Bu durumda, ilk derece mahkemesince uyuşmazlığın çözümünde etkili olabilecek ölçüde önemli delillerin toplanmamış veya değerlendirilmemiş olması ya da talebin önemli bir kısmı hakkında karar verilmemiş olması nedeniyle, istinaf istemine konu karara yönelik denetim yapılması mümkün değildir.
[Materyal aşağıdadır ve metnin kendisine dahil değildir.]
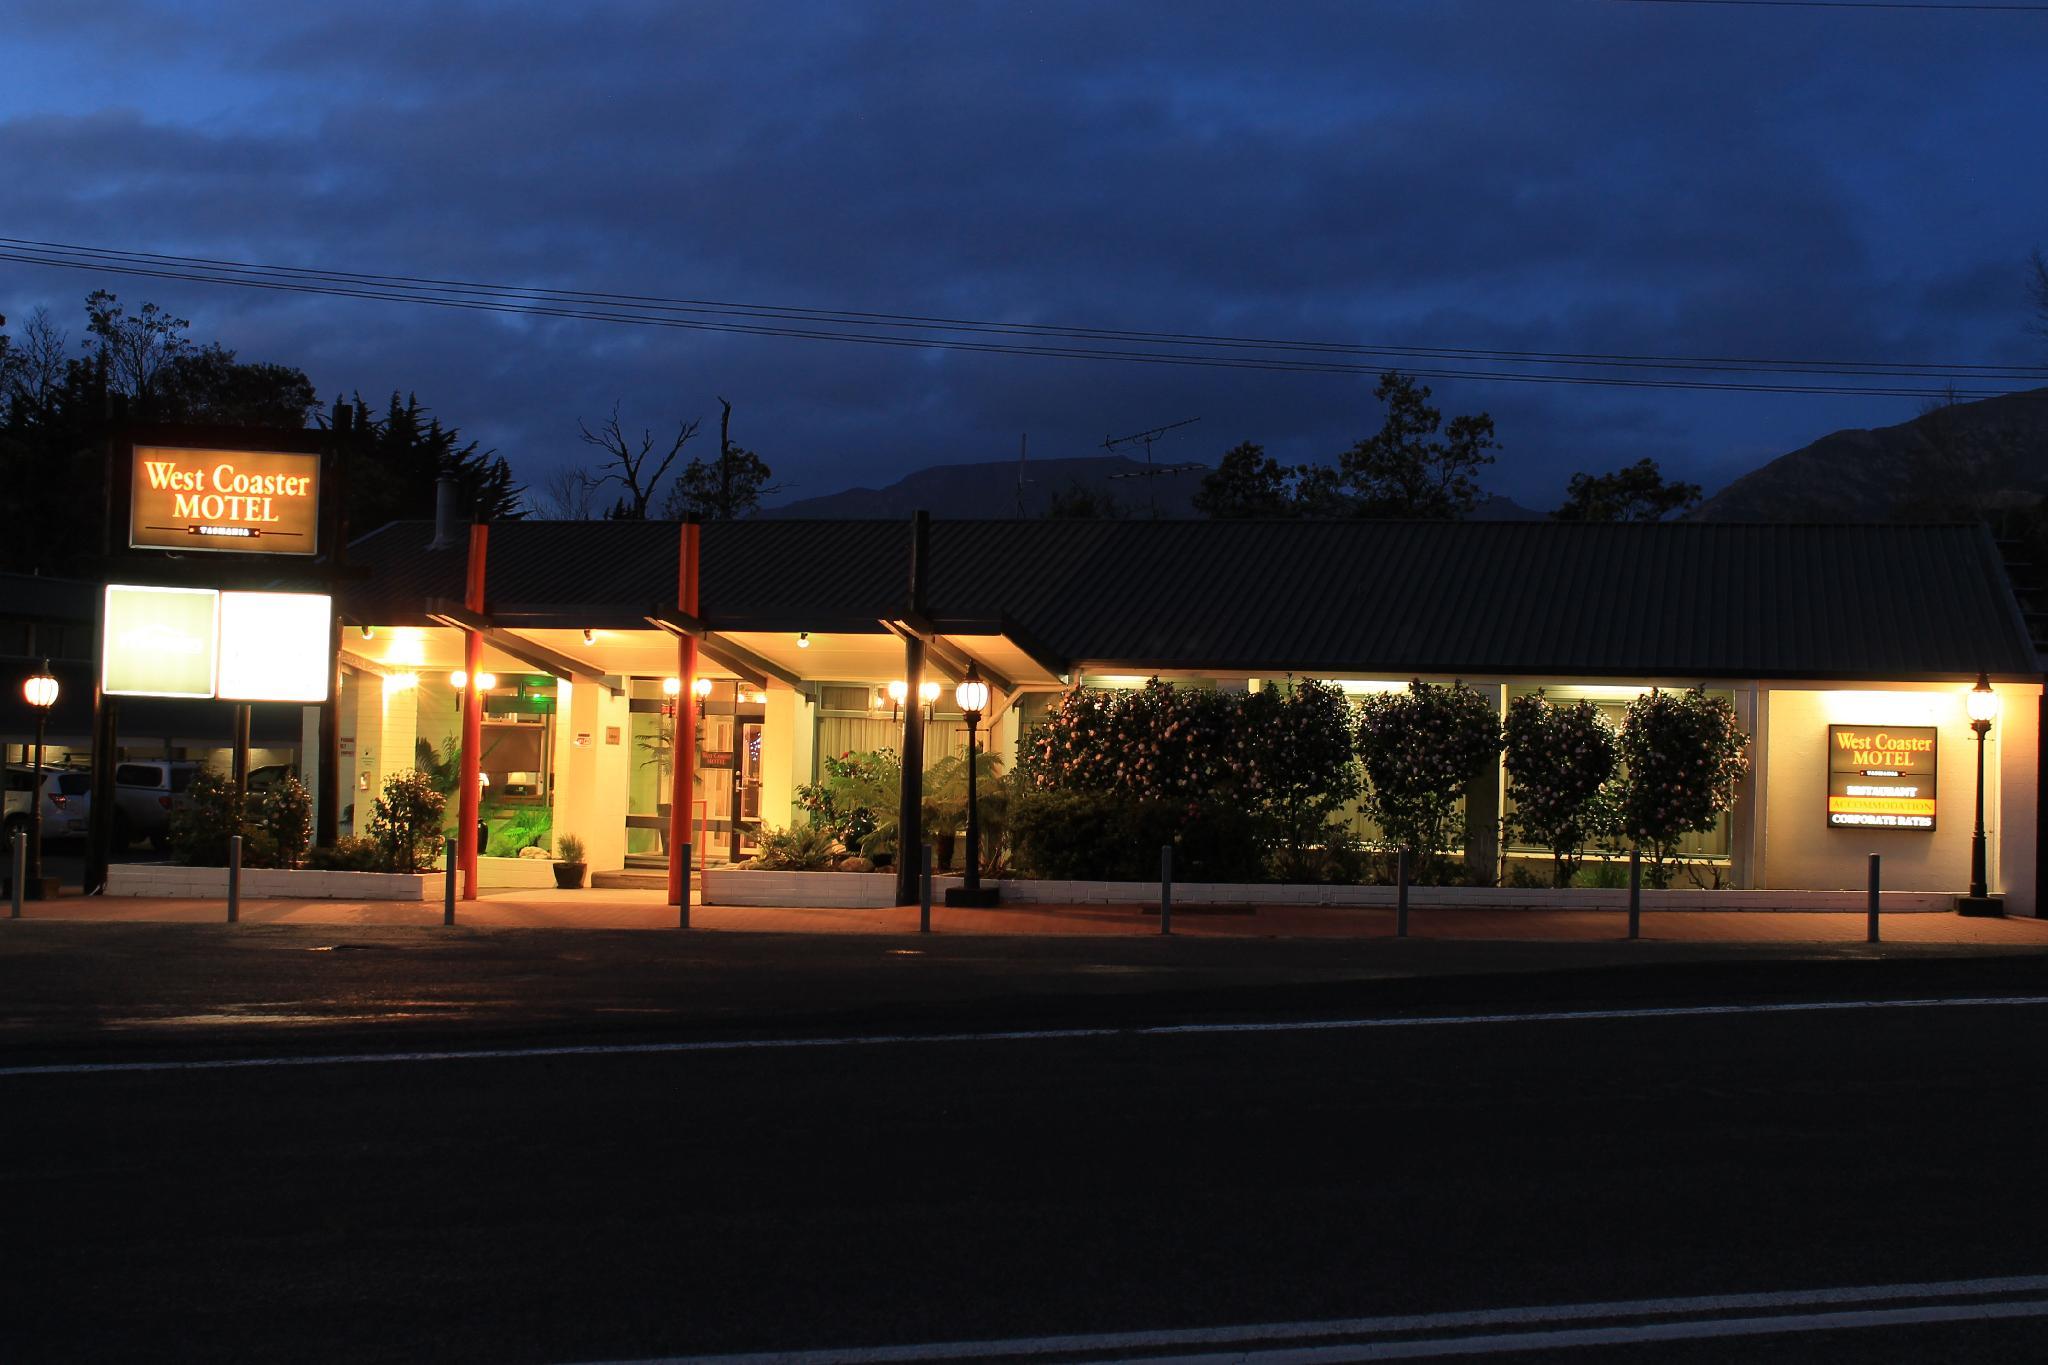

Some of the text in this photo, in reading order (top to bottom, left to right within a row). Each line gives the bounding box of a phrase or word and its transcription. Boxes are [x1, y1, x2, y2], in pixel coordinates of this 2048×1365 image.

[144, 461, 310, 496] West Coaster
[172, 493, 279, 522] MOTEL
[200, 527, 250, 537] TASMANIA
[1837, 732, 1932, 751] West Coaster
[1853, 751, 1914, 766] MOTEL
[1833, 799, 1933, 811] ACCOMMODATION
[1832, 814, 1932, 826] CORPORATE RATES
O halde, 6100 sayılı Hukuk Muhakemeleri Kanununun 353/1-a-6 maddesi uyarınca istinaf başvurusunun kabulüne ve ilk derece mahkemesi kararının kaldırılmasına karar verilmesi gerekmiştir.
HÜKÜM : Yukarıda açıklanan nedenlerle;
1-Davalı vekilinin istinaf başvurusunun KABULÜNE,
2-İzmir 5. Asliye Ticaret Mahkemesinin 19.01.2021 tarihli, 2016/1383 Esas ve 2021/21 Karar sayılı kararının HMK’nın 353/1-a-6 maddesi uyarınca ESASA İLİŞKİN SEBEPLER İNCELENMEKSİZİN KALDIRILMASINA,
3-HMK’nın 353/1-a maddesi gereğince Dairemizin kararına uygun şekilde yeniden bir karar verilmek üzere dosyanın mahal mahkemesine GÖNDERİLMESİNE,
4-İstinaf yoluna başvuran tarafından yatırılan 2.351,91 TL istinaf karar harcının istek halinde istinaf yoluna başvurana iadesine,
5-İstinaf yoluna başvuran tarafından yapılan 162,10 TL istinaf kanun yoluna başvurma harcı ile istinaf yargılama giderinin ilk derece mahkemesi tarafından kurulacak esasa ilişkin hükümde dikkate alınmasına,
6-HMK’nın 359/4. maddesi gereğince, temyizi kabil olmayan kararın ilk derece mahkemesi tarafından resen tebliğe çıkarılmasına,
Dosya üzerinden yapılan inceleme neticesinde, 6100 sayılı Hukuk Muhakemeleri Kanununun 362/1-g maddesi gereğince kesin olmak üzere 26.10.2023 tarihinde oybirliğiyle karar verildi.